Van Ginkel studied architecture at Elkerlyc Academy of Architecture and Applied Art, Lage Vuurse, Netherlands, and sociology at the University of Utrecht. He then worked in architecture and planning offices in the Netherlands, Sweden and Ireland and had his own architectural practice in Amsterdam. This experience brought him into contact with a wide range of European modernists including J. Bakema, Cornelius van Eesteren, Sven Markelius, Aldo van Eyck and Ralph Erskine. Van Ginkel himself was aligned first with Congrès Internationaux de l'Architecture Moderne (CIAM) and then Team X, for whom he drafted the Doorn Manifesto.

In 1957 van Ginkel moved to Montréal with his Canadian wife Blanche Lemco VAN GINKEL and established van Ginkel Associates, a multidisciplinary design and management firm. Their timing was propitious as Montréal - and Canada - was on the verge of rapid development, and Canadian planning and urban design in its infancy. Among the earliest projects of the firm were the planning of Bowring Park in St John's and a series of critical Montréal studies that led to the protection of the historic centre (particularly Old Montréal) in the face of inevitable development. They included the Montréal Port Study (1958-59), the Central Area Circulation Plan (1960-61), a plan for Old Montréal (1960-61), and planning and design for EXPO 67 (1962-67).
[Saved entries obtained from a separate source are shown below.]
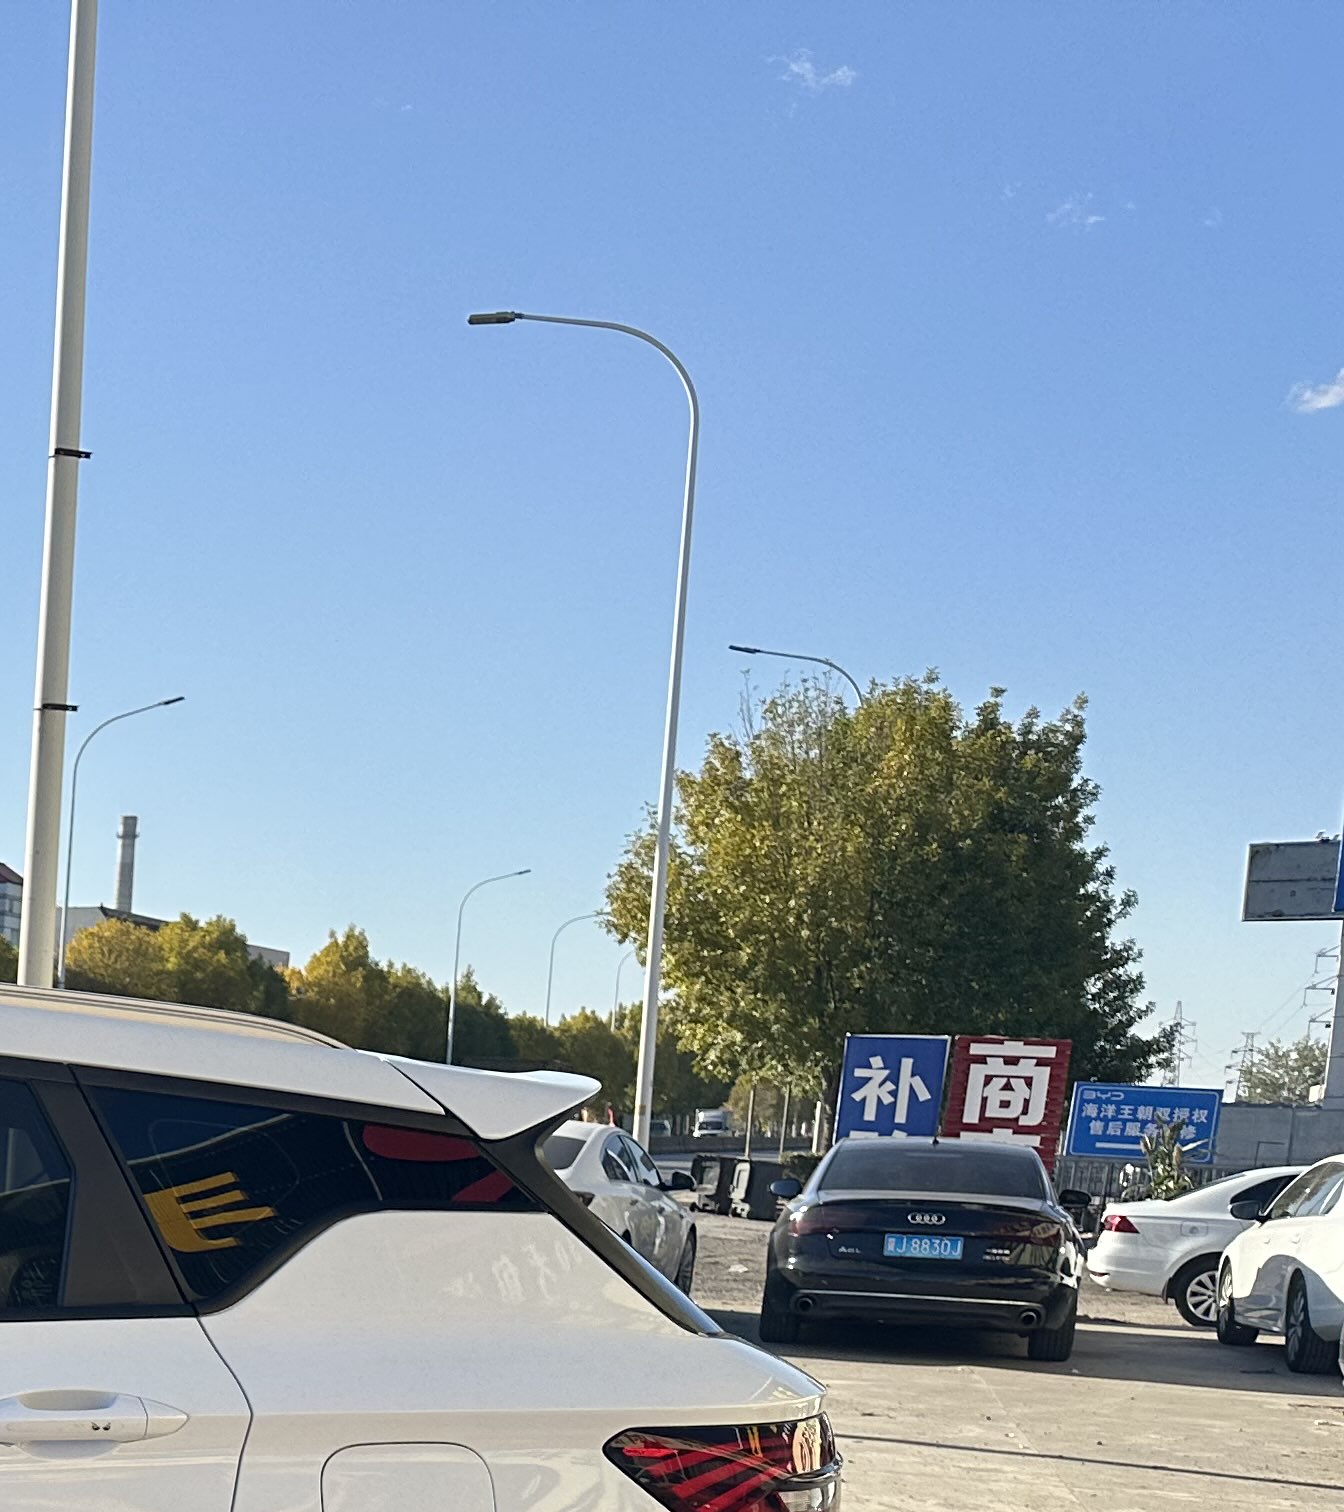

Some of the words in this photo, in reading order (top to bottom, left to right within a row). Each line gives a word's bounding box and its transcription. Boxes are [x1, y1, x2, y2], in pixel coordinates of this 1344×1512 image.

[851, 1056, 931, 1138] 补
[960, 1041, 1057, 1146] 商
[1082, 1090, 1125, 1100] BYD
[1081, 1102, 1209, 1124] 海洋王朝双授权
[1089, 1120, 1197, 1140] 售后服务修
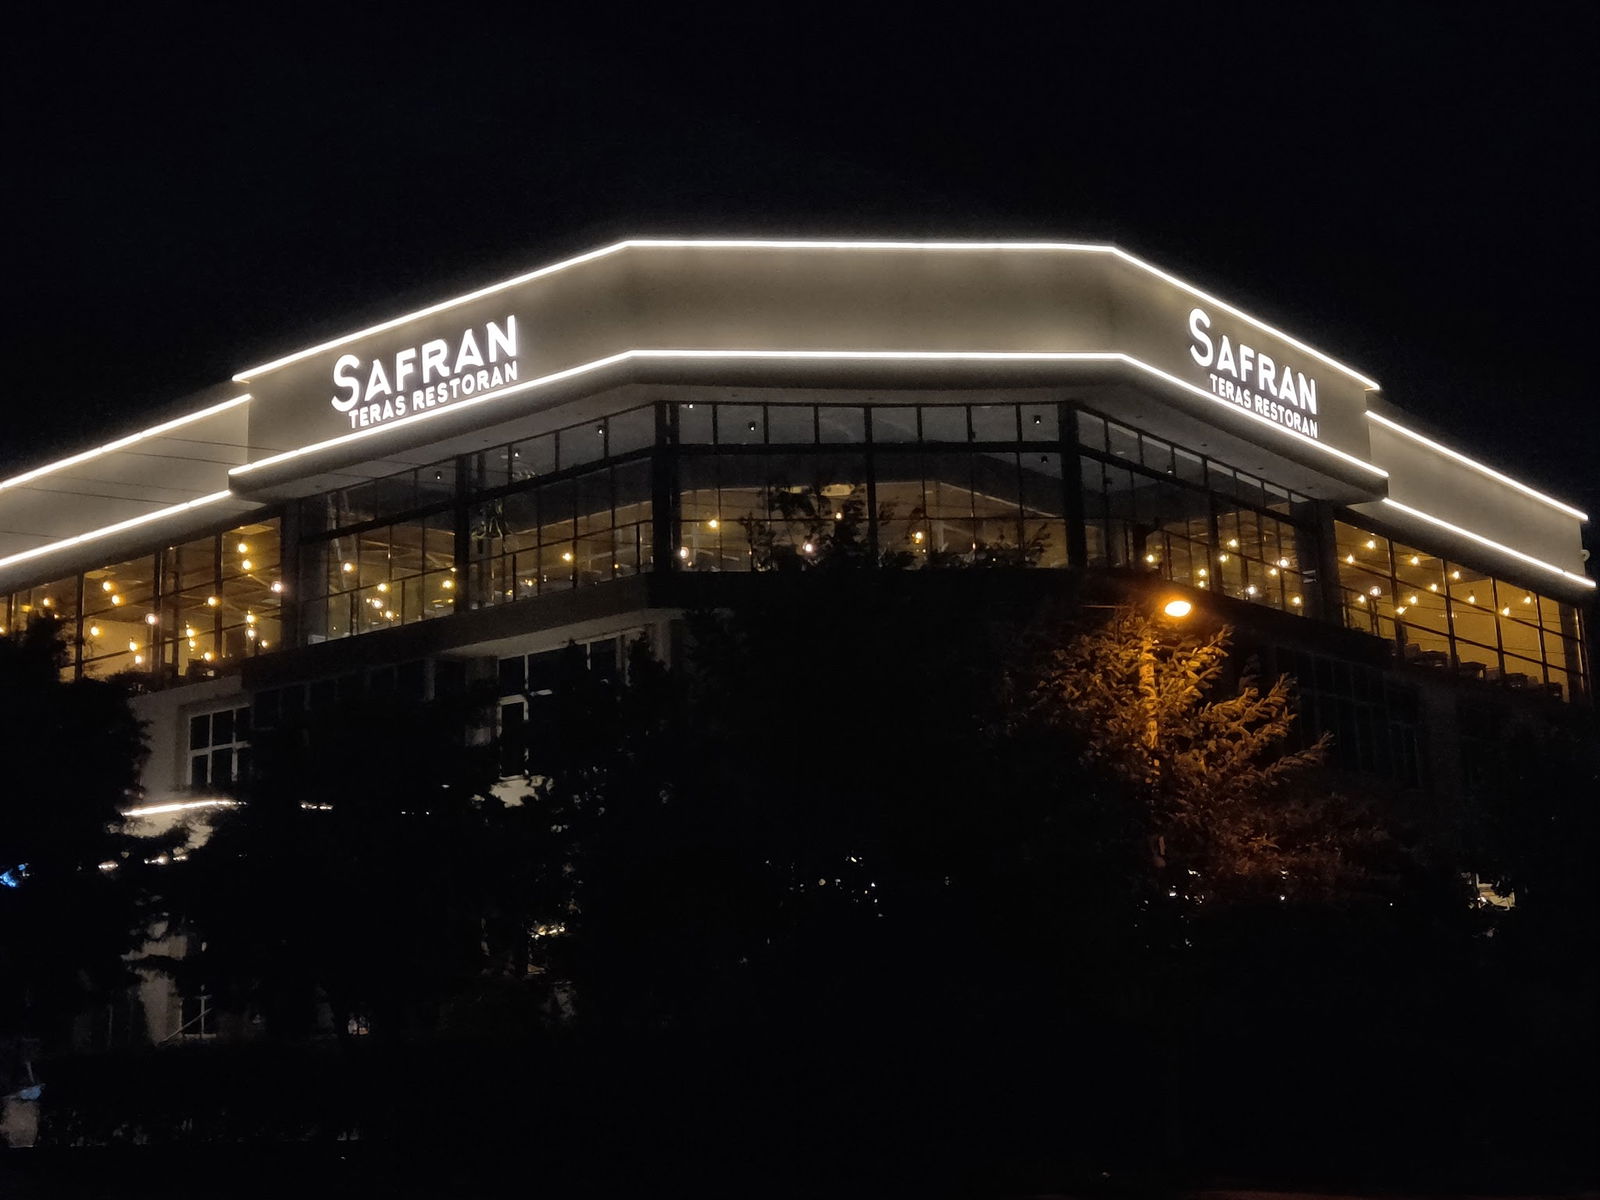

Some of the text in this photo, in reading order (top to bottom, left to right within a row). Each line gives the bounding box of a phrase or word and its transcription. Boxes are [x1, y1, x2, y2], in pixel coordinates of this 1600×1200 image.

[331, 314, 517, 412] SAFRAN
[349, 361, 518, 428] TERAS RESTORAN
[1189, 308, 1317, 415] SAFRAN
[1210, 373, 1318, 438] TERAS RESTORAN
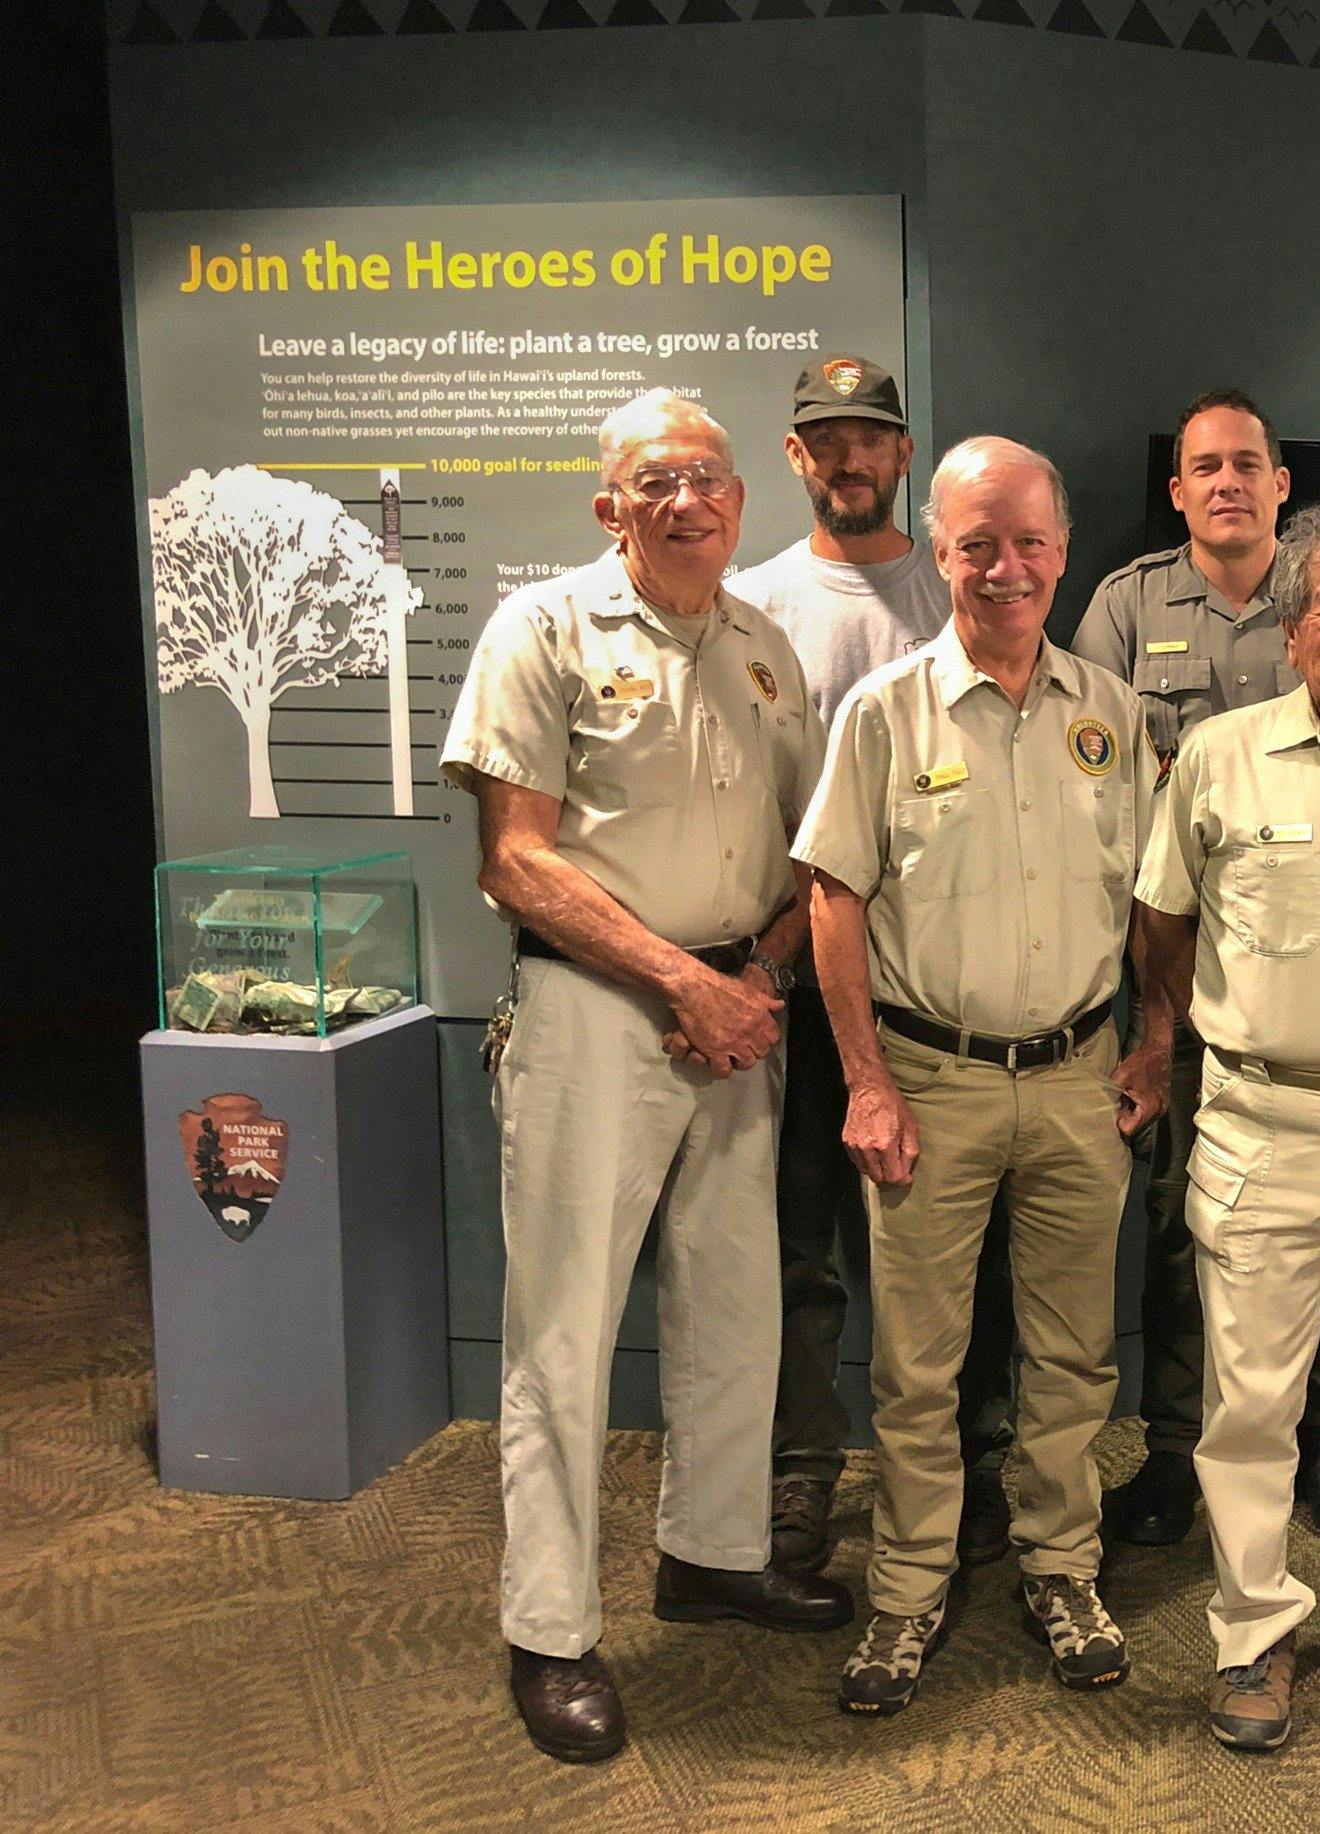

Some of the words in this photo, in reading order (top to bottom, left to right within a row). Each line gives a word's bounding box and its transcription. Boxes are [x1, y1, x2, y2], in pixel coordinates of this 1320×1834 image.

[180, 243, 289, 293] Join
[302, 240, 391, 290] the
[407, 238, 596, 290] Heroes
[611, 233, 666, 287] of
[683, 233, 832, 295] Hope
[259, 333, 325, 358] Leave
[331, 338, 346, 357] a
[349, 332, 427, 362] legacy
[433, 331, 456, 356] of
[460, 330, 506, 356] life:
[510, 330, 573, 358] plant
[577, 336, 592, 354] a
[597, 330, 652, 357] tree,
[658, 333, 721, 358] grow
[725, 334, 740, 352] a
[745, 326, 819, 352] forest
[261, 372, 283, 384] You
[285, 374, 303, 384] can
[308, 372, 333, 386] help
[336, 373, 379, 384] restore
[379, 372, 398, 383] the
[401, 371, 451, 386] diversity
[454, 370, 466, 382] of
[468, 370, 487, 382] life
[489, 370, 500, 381] in
[557, 369, 599, 385] upland
[602, 369, 645, 381] forests.
[297, 389, 332, 402] lehua,
[335, 390, 359, 402] koa,
[398, 389, 419, 400] and
[422, 389, 444, 402] pilo
[448, 391, 466, 401] are
[468, 388, 487, 400] the
[490, 389, 510, 403] key
[514, 388, 556, 403] species
[559, 388, 584, 400] that
[586, 387, 632, 401] provide
[635, 386, 648, 397] th
[262, 408, 278, 419] for
[281, 409, 313, 421] many
[316, 407, 348, 420] birds,
[351, 407, 393, 420] insects,
[396, 406, 418, 418] and
[420, 406, 452, 418] other
[455, 405, 494, 420] plants.
[498, 406, 511, 418] As
[514, 408, 521, 418] a
[523, 405, 567, 420] healthy
[570, 404, 618, 417] underst
[263, 426, 283, 437] out
[285, 425, 348, 436] non-native
[351, 427, 393, 439] grasses
[396, 425, 413, 438] yet
[416, 426, 477, 438] encourage
[480, 424, 499, 436] the
[502, 424, 553, 438] recovery
[556, 423, 568, 435] of
[571, 422, 600, 435] othe
[430, 459, 481, 474] 10,000
[484, 458, 517, 476] goal
[520, 458, 541, 472] for
[431, 497, 464, 508] 9,000
[433, 532, 466, 543] 8,000
[434, 568, 467, 579] 7,000
[497, 563, 524, 575] Your
[527, 563, 550, 576] $10
[497, 580, 518, 593] the
[435, 603, 469, 614] 6,000
[437, 638, 470, 651] 5,000
[438, 674, 467, 686] 4,00
[444, 813, 451, 823] 0
[222, 1124, 283, 1136] NATIONAL
[238, 1136, 269, 1147] PARK
[230, 1147, 279, 1158] SERVICE
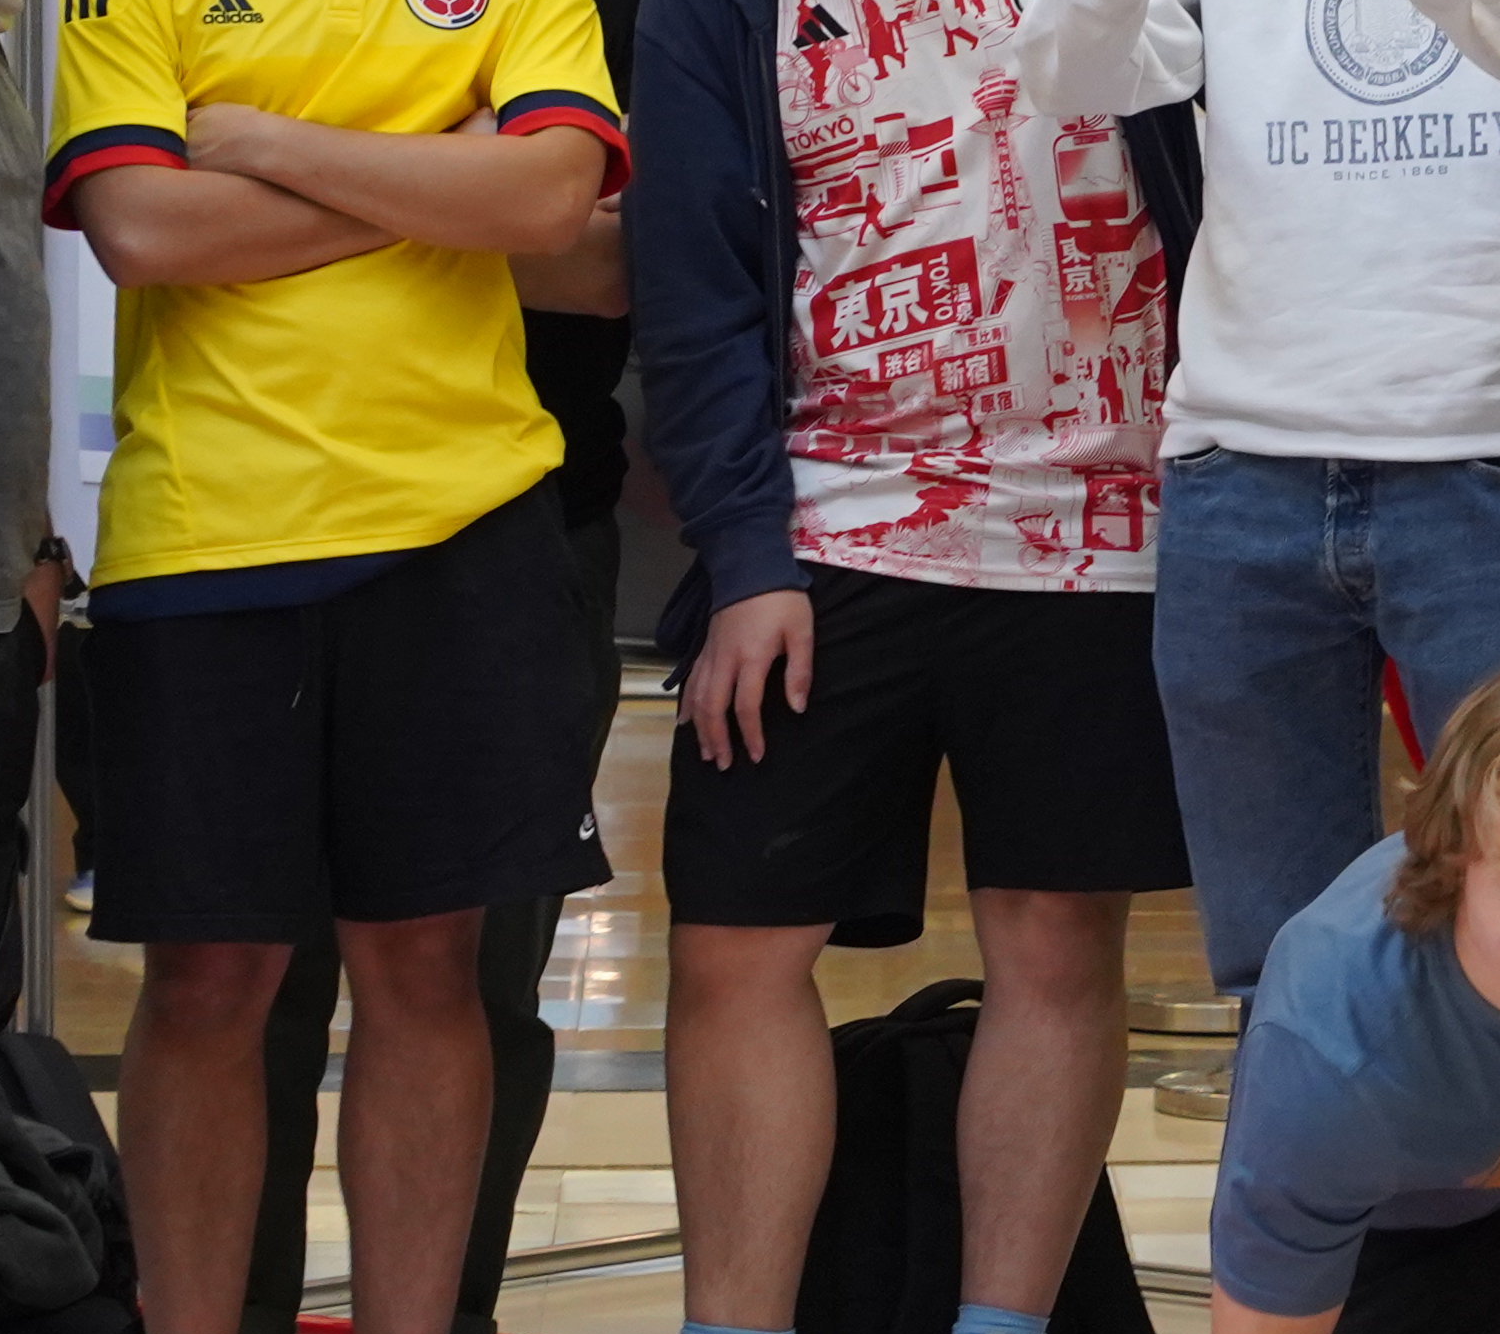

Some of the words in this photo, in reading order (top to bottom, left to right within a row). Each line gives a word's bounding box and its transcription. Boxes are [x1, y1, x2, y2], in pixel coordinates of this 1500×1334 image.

Subsequent work influenced the course of development across North America and Asia. This includes the design of a prototype airport terminal facility for Transport Canada (1970); an atlas of the communities of the Mackenzie (1975); a study on building in the North for Canadian Arctic Gas (1976) and the completion of a development plan for Pahang Tenggara, Malaysia (1973). Particularly notable was Movement in Midtown (1970-71), a circulation plan for Midtown Manhattan and the development of a new urban transit vehicle, dubbed the Ginkelvan (1973).

Sandy van Ginkel published widely in both professional and popular journals, and lectured in various capacities to university students of architecture, planning and urban design. In 1986 he was the Thomas Jefferson Professor of Architecture at the University of Virginia. In 1991 van Ginkel designed an exhibition of the work of John C. Parkin at Academy House, Toronto. From 1989 on, he worked primarily as a sculptor. In 2003 he was awarded the Order of Urbanists of Quebec for his contribution to urbanism and to protecting the heritage of Montréal. In 2007 he was named a member of the ORDER OF CANADA.